Le rapport de Staline fut lu le 29 mars. Le lendemain, le rapporteur officiel de la Conférence soviétique, le social-démocrate sans-parti Stiéklov, préconisant la même assistance conditionnelle au gouvernement provisoire, traça, dans le feu de l'enthousiasme, un tel tableau de l'activité des " consolidateurs " de la révolution - résistance aux réformes sociales, visées monarchistes, protection accordée aux forces contre-révolutionnaires, appétits annexionnistes - que la Conférence des bolcheviks, alarmée, rejeta la formule de soutien. Le bolchevik de droite Noguine déclara : " Le rapport de Stiéklov a apporté une idée neuve : il est clair qu'à présent l'on doit parler non de soutien, mais d'opposition. " Skrypnik en vint également à conclure qu'après le rapport de Stiéklov " il y avait beaucoup de changé : impossible de parler d'un soutien au gouvernement. Il y a complot du gouvernement provisoire contre le peuple et la révolution. " Staline qui, la veille, dessinait un tableau idyllique de " la division du travail " entre le gouvernement et le Soviet, s'estima obligé de supprimer l'article relatif au soutien.

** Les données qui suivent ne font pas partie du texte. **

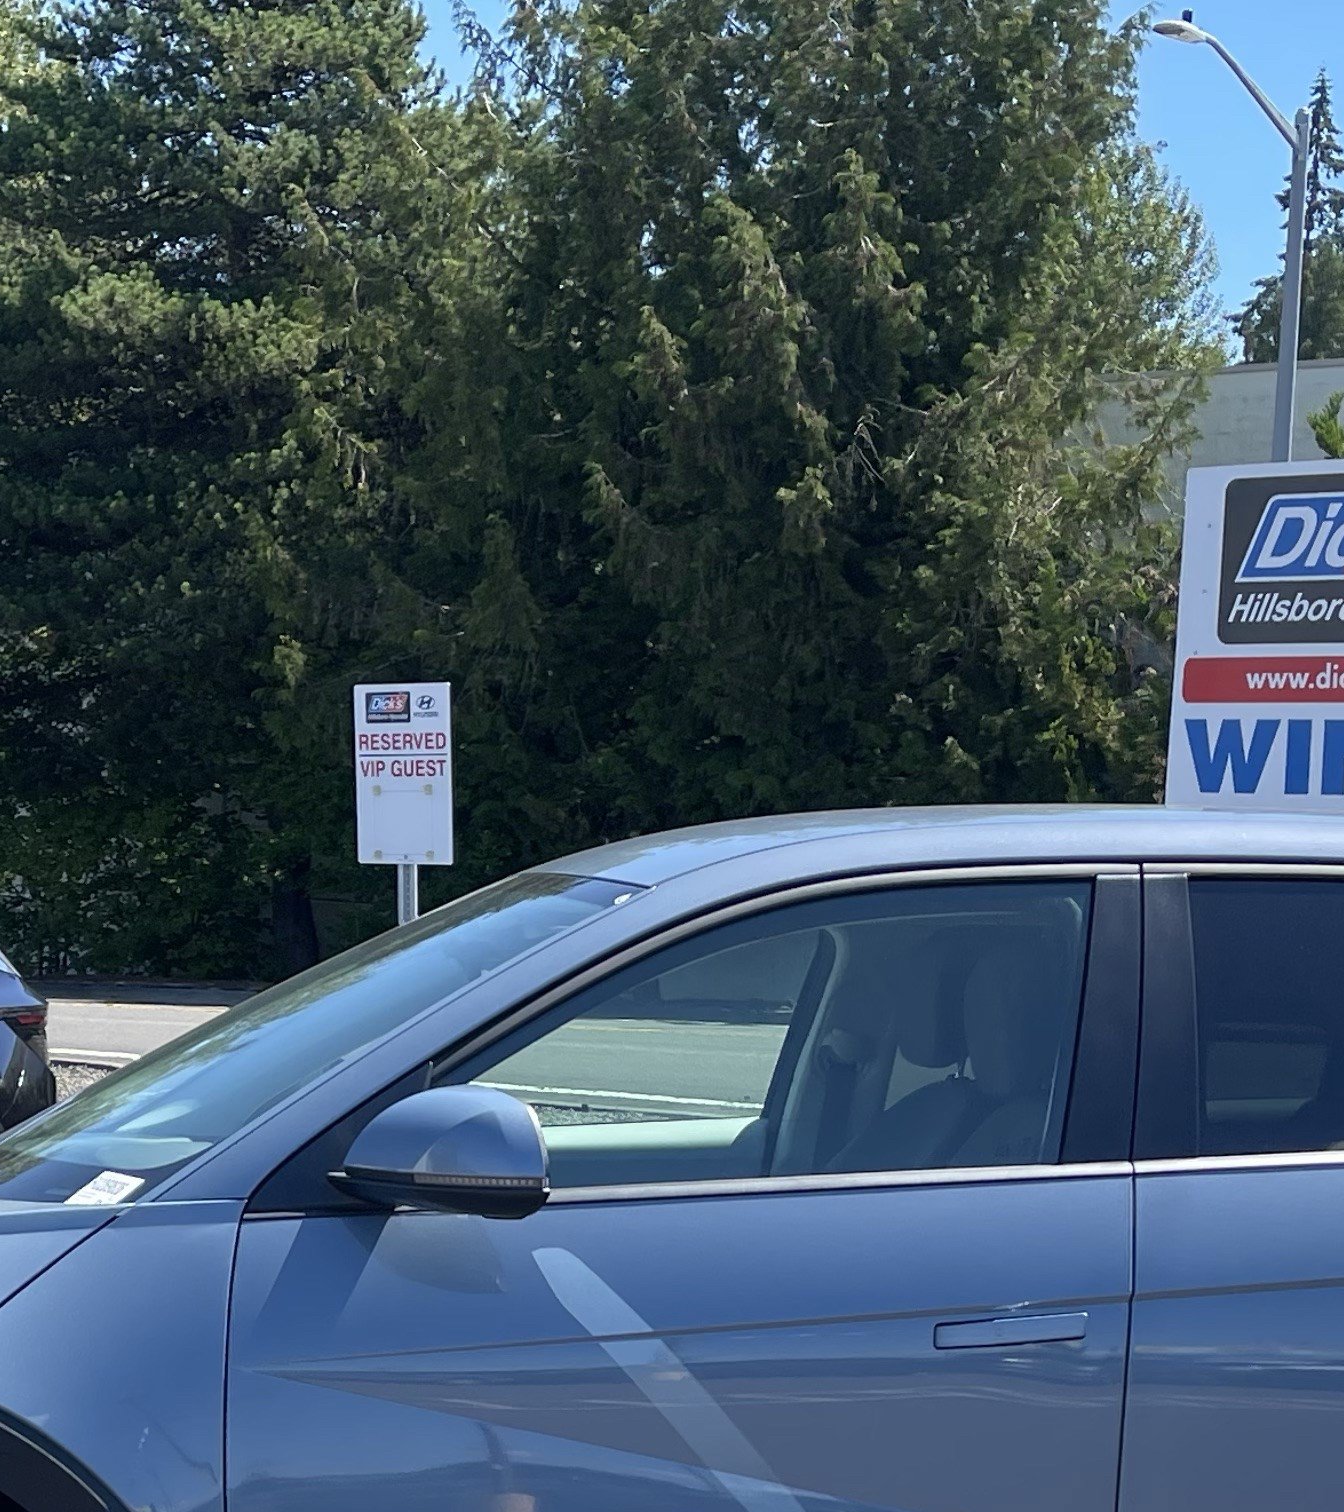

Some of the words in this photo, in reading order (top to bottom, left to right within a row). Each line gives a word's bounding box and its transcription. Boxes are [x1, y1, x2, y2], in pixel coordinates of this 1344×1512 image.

[358, 732, 446, 751] RESERVED
[360, 760, 386, 777] VIP
[391, 759, 447, 777] GUEST

Des débats courts et peu profonds se poursuivaient autour de la question de savoir si l'on soutiendrait le gouvernement provisoire " dans la mesure où... " ou bien seulement les actes révolutionnaires du gouvernement provisoire. Un délégué de Saratov, Vassiliev, déclarait non sans raison : " L'attitude à l'égard du gouvernement provisoire est la même chez tous. " Krestinsky formulait la situation encore plus vivement : " Il n'y a pas de désaccords sur les démarches pratiques entre Staline et Voïtinsky. " Bien que Voïtinsky, fût, aussitôt après la conférence, passé aux mencheviks, Krestinsky n'avait pas tellement tort : en retirant la mention explicite du soutien, Staline ne supprimait pas le soutien lui-même. Il n'y eut pour essayer de poser la question de principe que Krassikov, un de ces vieux bolcheviks qui s'étaient écartés du parti pendant nombre d'années et qui, maintenant, lourds de l'expérience de la vie, tentaient de rentrer dans ses rangs. Krassikov n'avait pas peur de prendre le taureau par les cornes : n'avez-vous pas l'intention d'établir la dictature du prolétariat? demandait-il ironiquement. Mais la conférence laissa l'ironie de côté, et la question en même temps, comme ne méritant pas attention. La résolution de la conférence demandait à la démocratie révolutionnaire d'exhorter le gouvernement provisoire " à la lutte la plus énergique pour la complète liquidation de l'ancien régime ", c'est-à-dire réservait au parti prolétarien un rôle de dame de compagnie auprès de la bourgeoisie.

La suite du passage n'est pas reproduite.